A fellow soldier says Capt. Robert Semrau admitted to a “mercy kill”


 

Capt. Robert Semrau fired two bullets into the chest of a severely wounded Taliban fighter because he “couldn’t live with himself” if he left another human being “to suffer like that,” a fellow soldier testified today. “He said it was a mercy kill,” said Cpl. Steven Fournier, the only Canadian who was with Semrau at the time of the alleged shooting. “He said he felt it was necessary. He felt it was the humane thing to do.”

A key witness for the prosecution, Fournier provided a damning account of what he claims unfolded on the morning of Oct. 19, 2008, when he and Semrau stumbled upon an injured insurgent who, moments earlier, had been shot out of a tree by a U.S. Apache helicopter.

Both soldiers were part of a small Canadian team assigned to mentor a company of Afghan National Army (ANA) troops, who were conducting a “sweep and clear” patrol in a dangerous district of Helmand Province. When ANA members first discovered the maimed fighter—who had a gaping hole in his stomach and a mangled left leg—their commander, Capt. Shafiqullah, ordered them not to provide medical treatment. As Fournier quoted him saying: “If Allah wants him, he will die. If not, he will live.”

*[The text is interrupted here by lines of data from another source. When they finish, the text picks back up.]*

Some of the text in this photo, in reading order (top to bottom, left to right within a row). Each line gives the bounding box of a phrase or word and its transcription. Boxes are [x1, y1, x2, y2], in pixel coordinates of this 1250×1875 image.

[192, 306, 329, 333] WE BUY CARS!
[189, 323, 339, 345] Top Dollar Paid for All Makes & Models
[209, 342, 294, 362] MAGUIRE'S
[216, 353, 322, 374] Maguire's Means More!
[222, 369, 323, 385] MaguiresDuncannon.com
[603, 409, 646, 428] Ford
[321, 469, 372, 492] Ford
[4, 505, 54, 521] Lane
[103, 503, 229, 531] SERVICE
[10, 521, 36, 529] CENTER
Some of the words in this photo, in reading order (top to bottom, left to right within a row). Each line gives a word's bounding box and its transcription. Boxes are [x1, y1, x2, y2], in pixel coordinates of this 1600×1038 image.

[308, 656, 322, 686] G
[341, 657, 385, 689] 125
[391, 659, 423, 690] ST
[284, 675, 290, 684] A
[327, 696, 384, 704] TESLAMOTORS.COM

When a second casualty was discovered nearby (this one already dead) Fournier suggested that both men be photographed for intelligence purposes. Semrau agreed, and after snapping two pictures of the corpse and two pictures of the wounded man, Fournier turned off his camera and began to walk away. Seconds later, two shots rang out, and he swung around to see Capt. Semrau standing over the wounded insurgent, his C-8 rifle still aimed at the man’s heart.

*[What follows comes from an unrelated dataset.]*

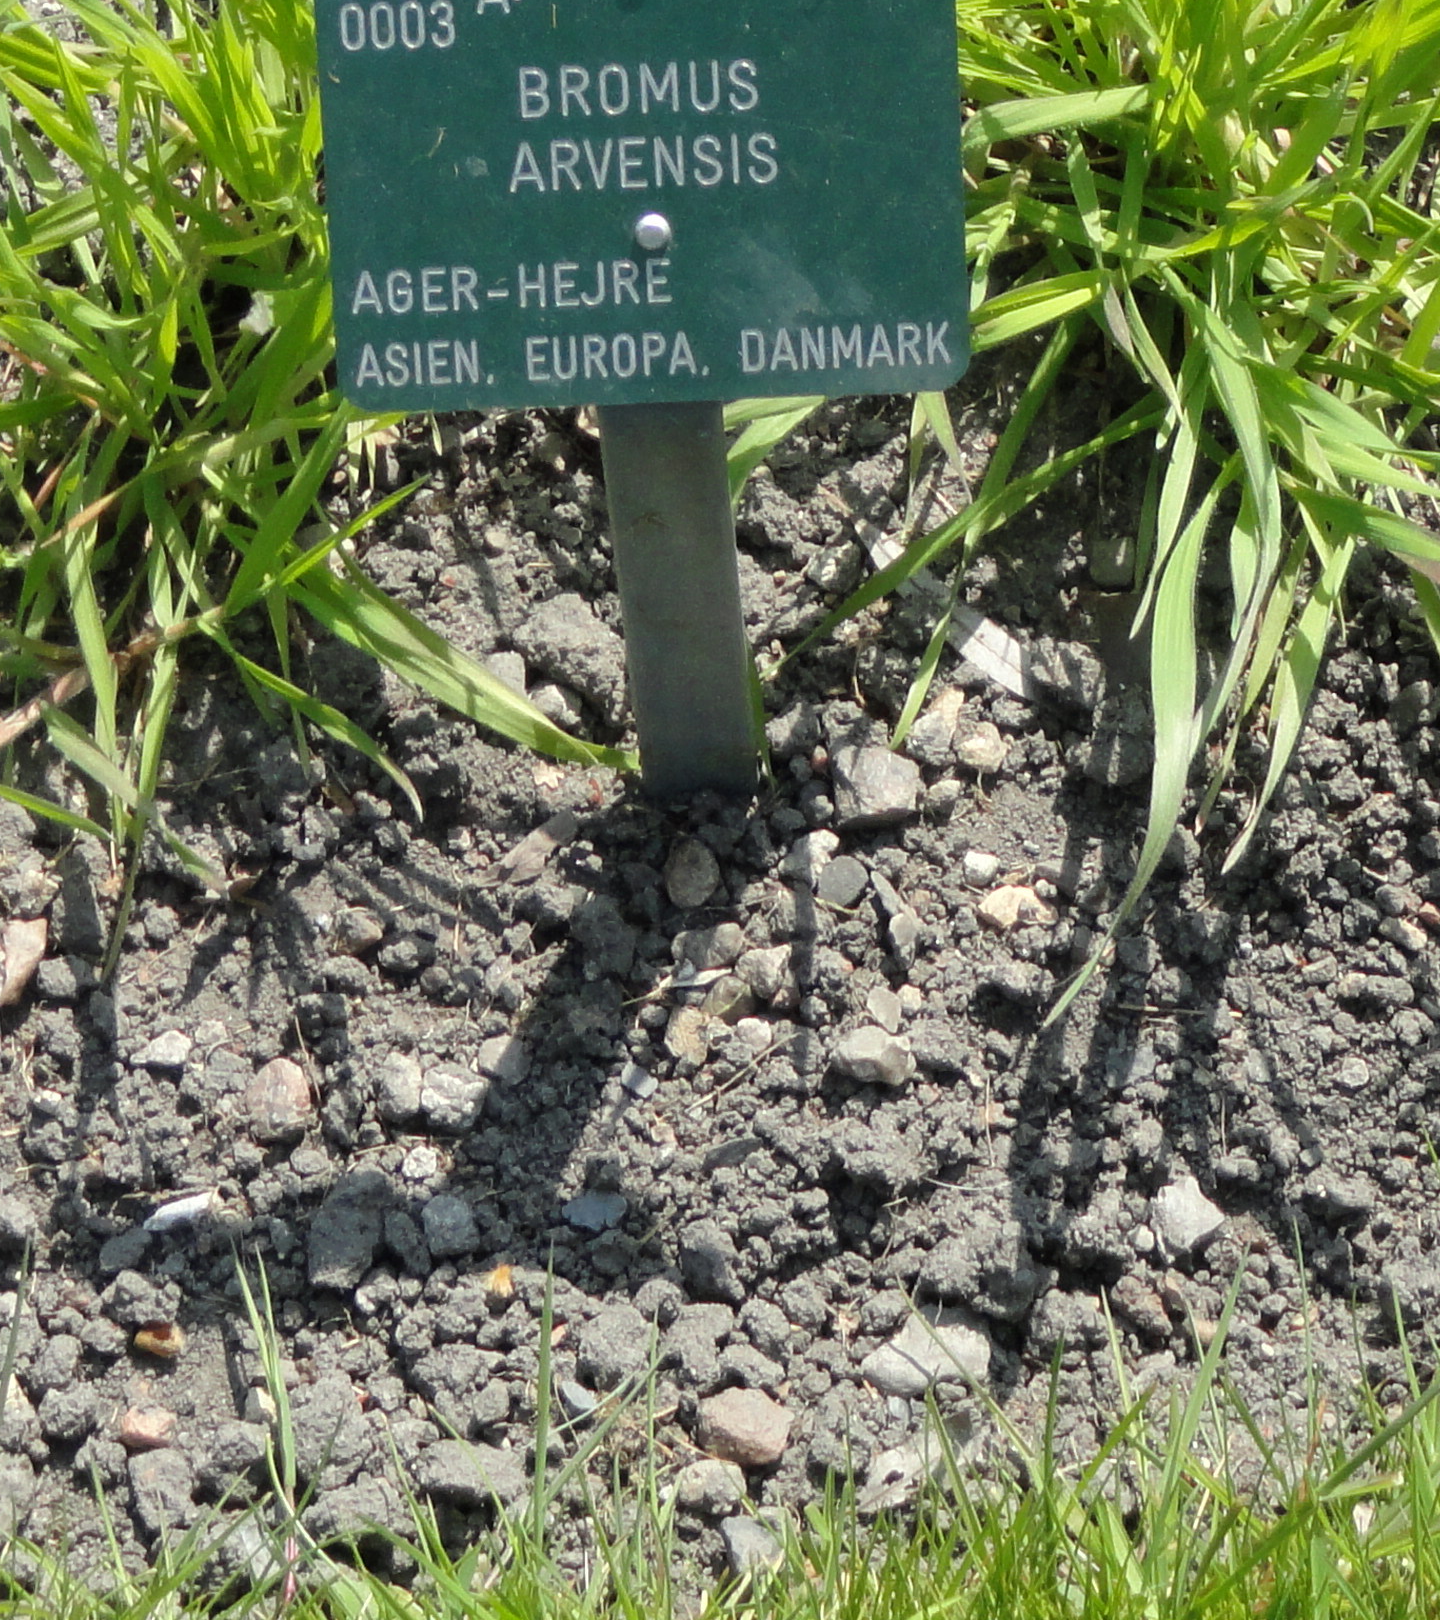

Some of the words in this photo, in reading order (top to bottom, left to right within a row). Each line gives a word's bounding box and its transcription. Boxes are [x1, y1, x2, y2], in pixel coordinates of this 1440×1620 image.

“He told me: ‘It’s OK, it was me,’” said Fournier, who assumed the gunfire was hostile. Semrau was calm, he said, and expressed surprise that his bullets had pierced all the way through the man’s body and ricocheted off the ground. “He said he did not expect his two rounds to go through him like that,” Fournier said.

On the witness stand Wednesday for the third straight day, Fournier described how his mind raced in the minutes after the shooting. “What just happened? None of it made sense to me. I was still just shocked at this point.” As both men left the scene, accompanied by an Afghan interpreter nicknamed “Max,” Fournier said Semrau offered an explanation for his actions. “He couldn’t live with himself if he left a wounded insurgent, a wounded human, to suffer like that,” he testified. “He said he was willing to accept whatever fallout there was on it, and that it was a mercy kill.”
Both the Geneva Conventions and the Canadian Forces Code of Conduct compel our troops to provide First Aid to all casualties, friend or foe. As in the civilian world, mercy killing on the battlefield is strictly forbidden, regardless of the circumstances.

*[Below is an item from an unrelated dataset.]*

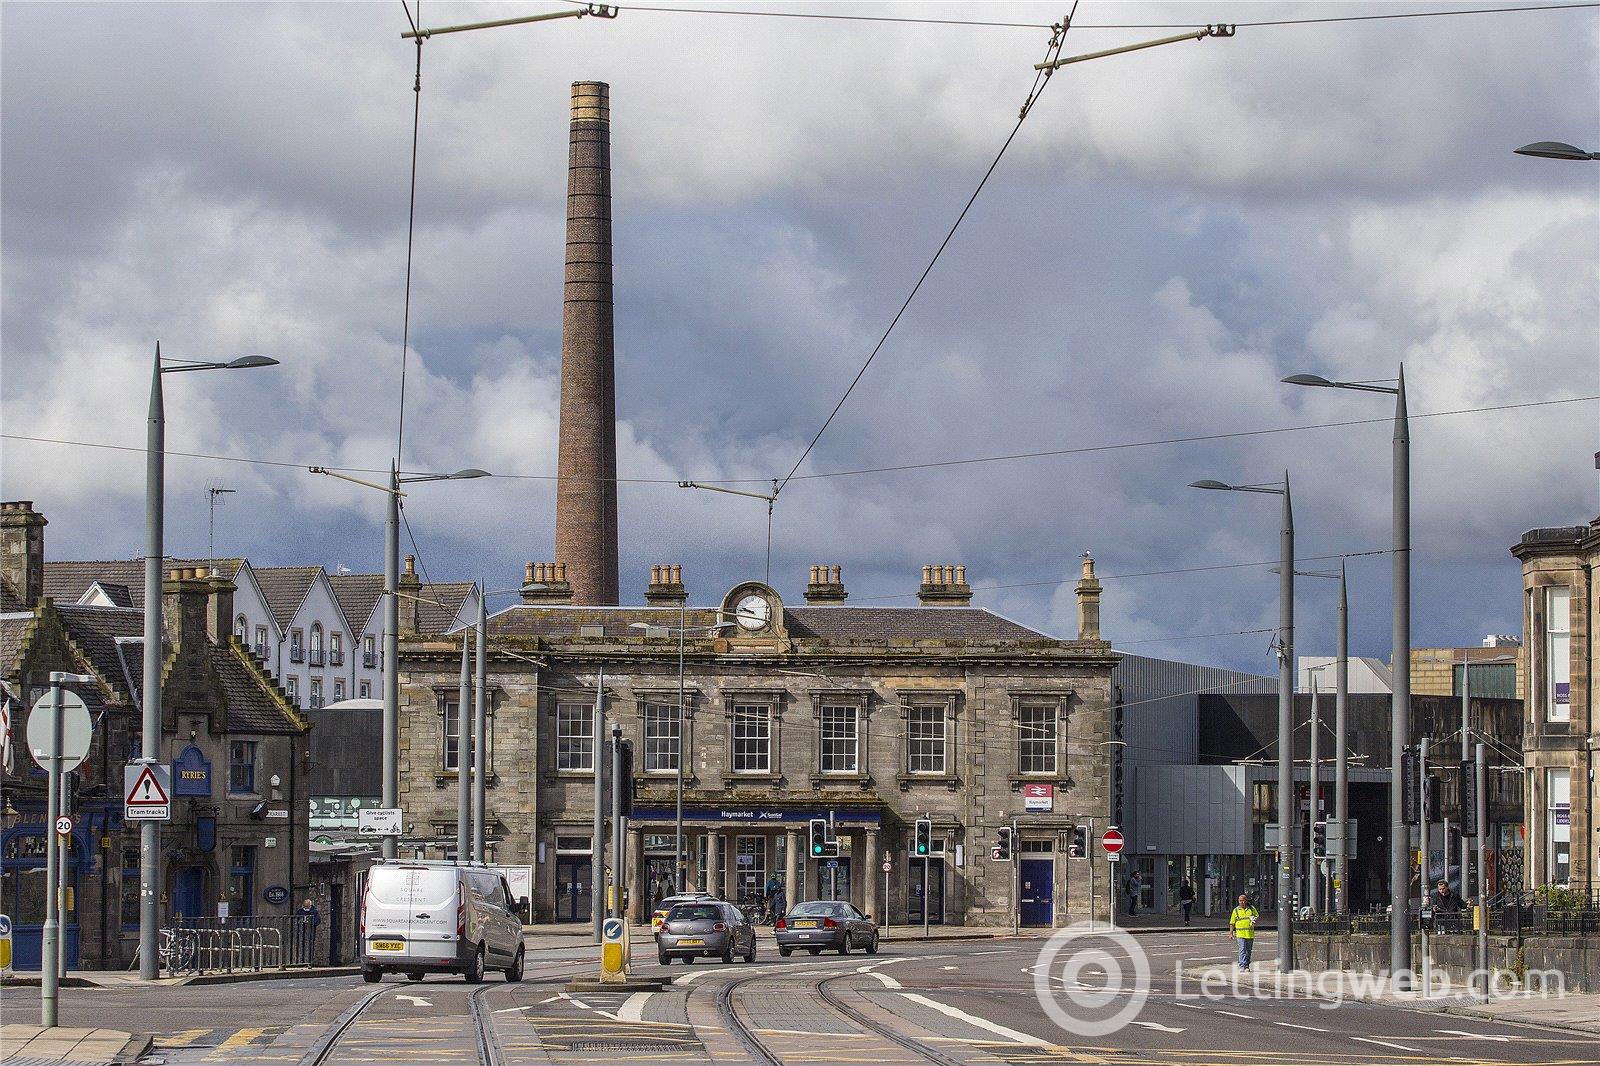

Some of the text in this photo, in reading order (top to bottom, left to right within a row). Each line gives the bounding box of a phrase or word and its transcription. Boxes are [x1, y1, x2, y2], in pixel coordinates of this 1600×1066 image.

After returning to the ANA position, Fournier said Semrau was confronted by Capt. Shafiqullah, who heard the rifle and was upset that his Canadian counterpart ignored his command. “He said he didn’t want anything done with this person,” Fournier said. “He turned around and walked away from Capt. Semrau. He was angry with us.” Fournier said he and Semrau also had a brief meeting with the other members of their four-man team, Warrant Officer Merlin Longaphie and Cpl. Tony Haraszta. “He told us that he fired the shots, that it was necessary, that he couldn’t live with himself if he left someone in that condition,” Fournier testified. “He said he hoped that anyone else would do the same thing, even to himself.”

Semrau, 36, faces four charges, including second-degree murder, for the alleged battlefield execution. A Moose Jaw native with two young daughters, he is the first Canadian soldier ever accused of homicide on the front lines of a war, and if convicted, the mandatory sentence is life behind bars with no chance of parole for ten years. He has pleaded not guilty.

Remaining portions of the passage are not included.